* _TRY IT_: Retype the following records exactly and exclude the pictures.

* _PROVIDED INFORMATION_:
┏━━

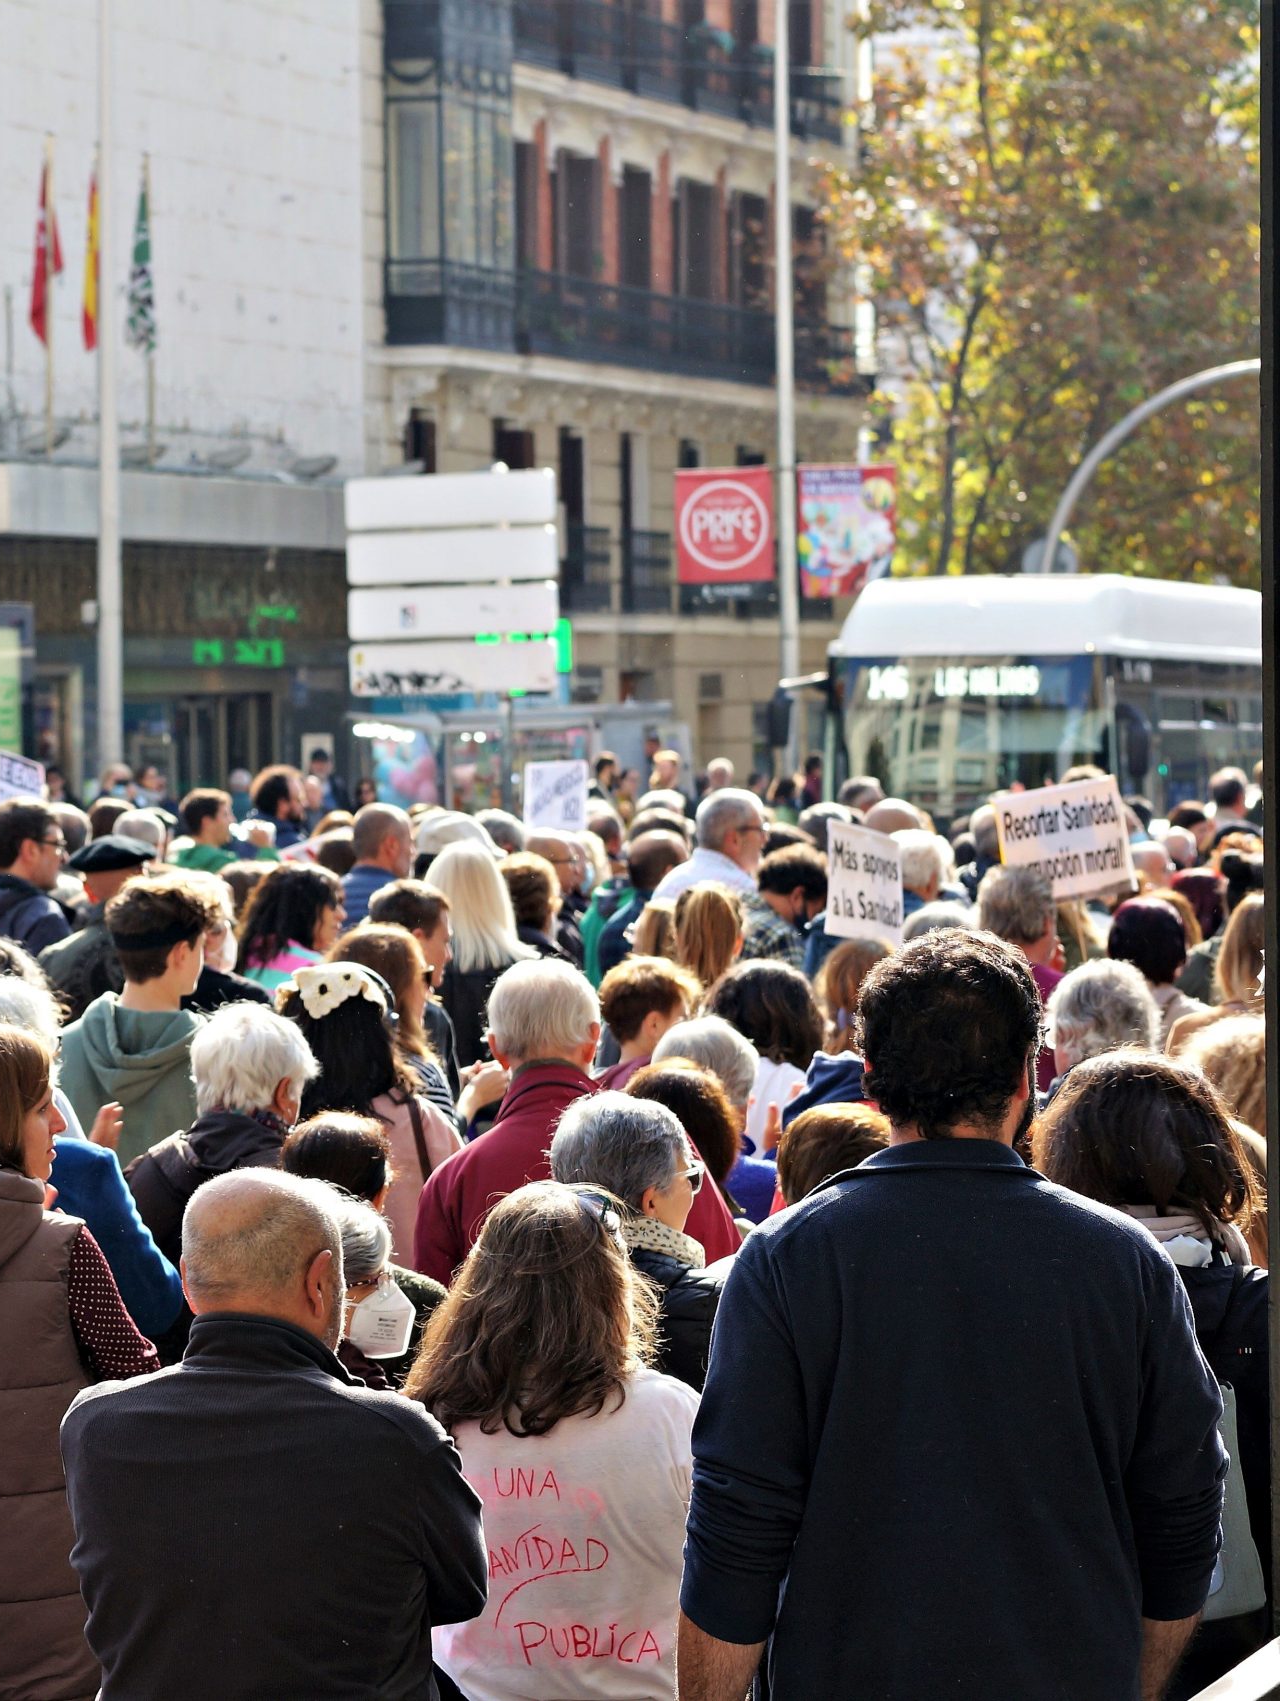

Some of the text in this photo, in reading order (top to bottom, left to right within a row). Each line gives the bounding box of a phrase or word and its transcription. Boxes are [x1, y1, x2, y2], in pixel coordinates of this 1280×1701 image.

[1003, 804, 1060, 842] Recortar
[831, 839, 898, 885] Más apoyos
[833, 896, 840, 916] a
[842, 888, 854, 918] la
[494, 1467, 561, 1501] UNA
[514, 1621, 661, 1666] PUBLICA

┗━━

* _YOUR RESPONSE_:
Some of the text in this photo, in reading order (top to bottom, left to right within a row). Each line gives the bounding box of a phrase or word and its transcription. Boxes are [x1, y1, x2, y2], in pixel coordinates of this 1280×1701 image.

[1003, 804, 1060, 842] Recortar
[831, 839, 898, 885] Más apoyos
[833, 896, 840, 916] a
[842, 888, 854, 918] la
[494, 1467, 561, 1501] UNA
[514, 1621, 661, 1666] PUBLICA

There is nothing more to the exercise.